The Trouble With “Ecological Thinning”: When Good Intentions Meet a Drying Forest
I’ve spent enough time walking through the Southern Jarrah Forest to know when something feels off. The air changes. The ground changes. The sound changes. These forests are meant to breathe like lungs, cool, damp and steady within themselves, not rasp like an animal that’s been running too long.
So when people suggest that large-scale “ecological thinning”, prescribed with little consideration of site-specific context and nuance, is the solution to forest decline, that we just need to open the canopy, let in more light, and the forest will thank us, I can’t help but feel they’ve mistaken the patient for the disease.
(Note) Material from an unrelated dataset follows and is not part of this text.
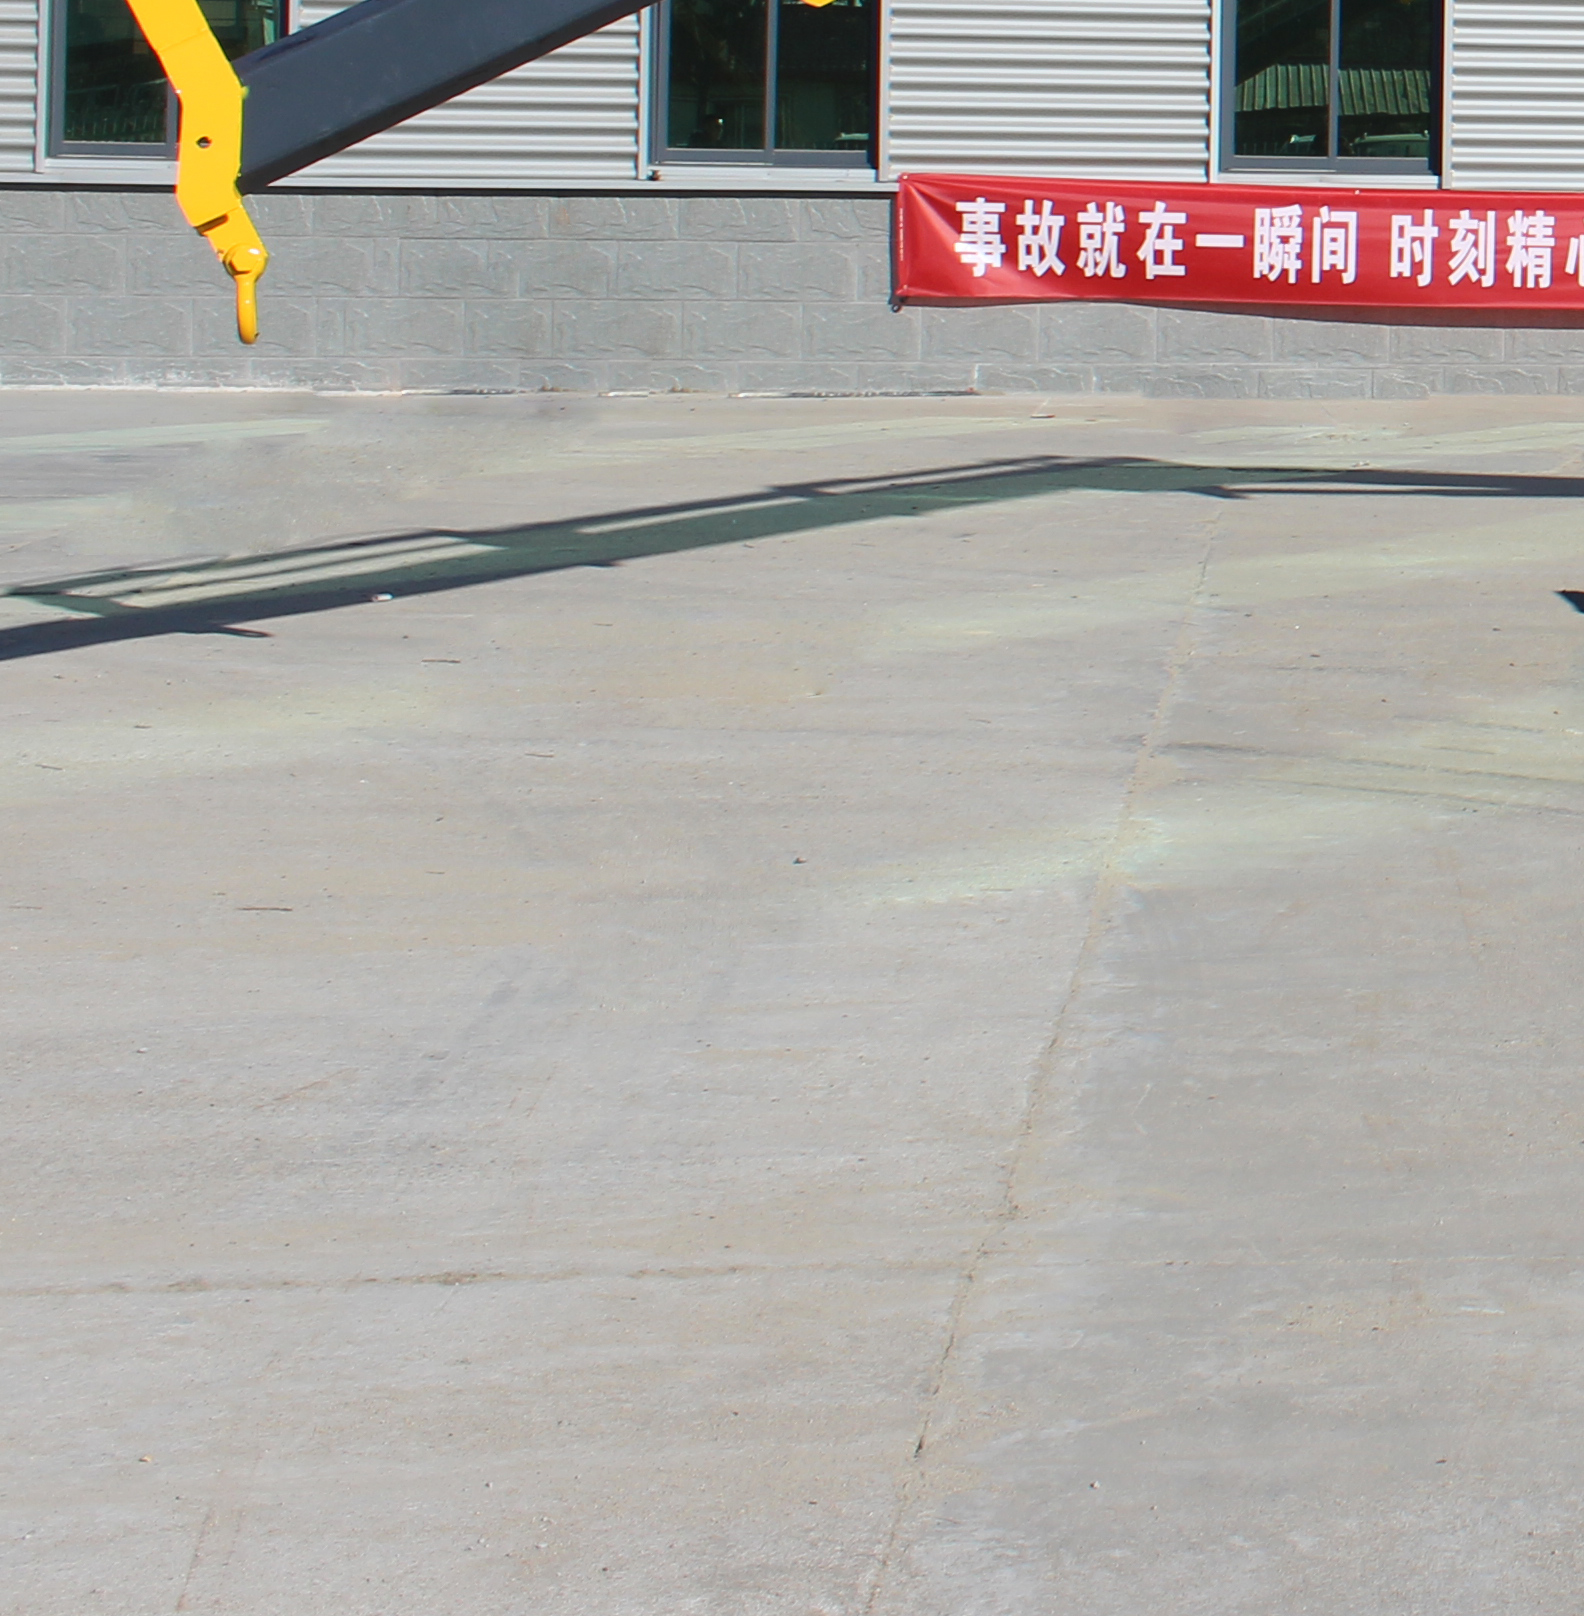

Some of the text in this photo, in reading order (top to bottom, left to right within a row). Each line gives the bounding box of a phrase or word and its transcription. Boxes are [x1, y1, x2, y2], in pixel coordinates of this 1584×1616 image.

What they call a sickness, dense regrowth, heavy shade, increased groundwater uptake, is really the forest’s recovery response to a century of logging, burning and drying. Thinning it again to “fix” those symptoms is a bit like bleeding a patient to make them more resilient to blood loss.
I’m not against management. I’m against the kind that mistakes the forest’s attempt to heal itself for something that needs to be managed out of it.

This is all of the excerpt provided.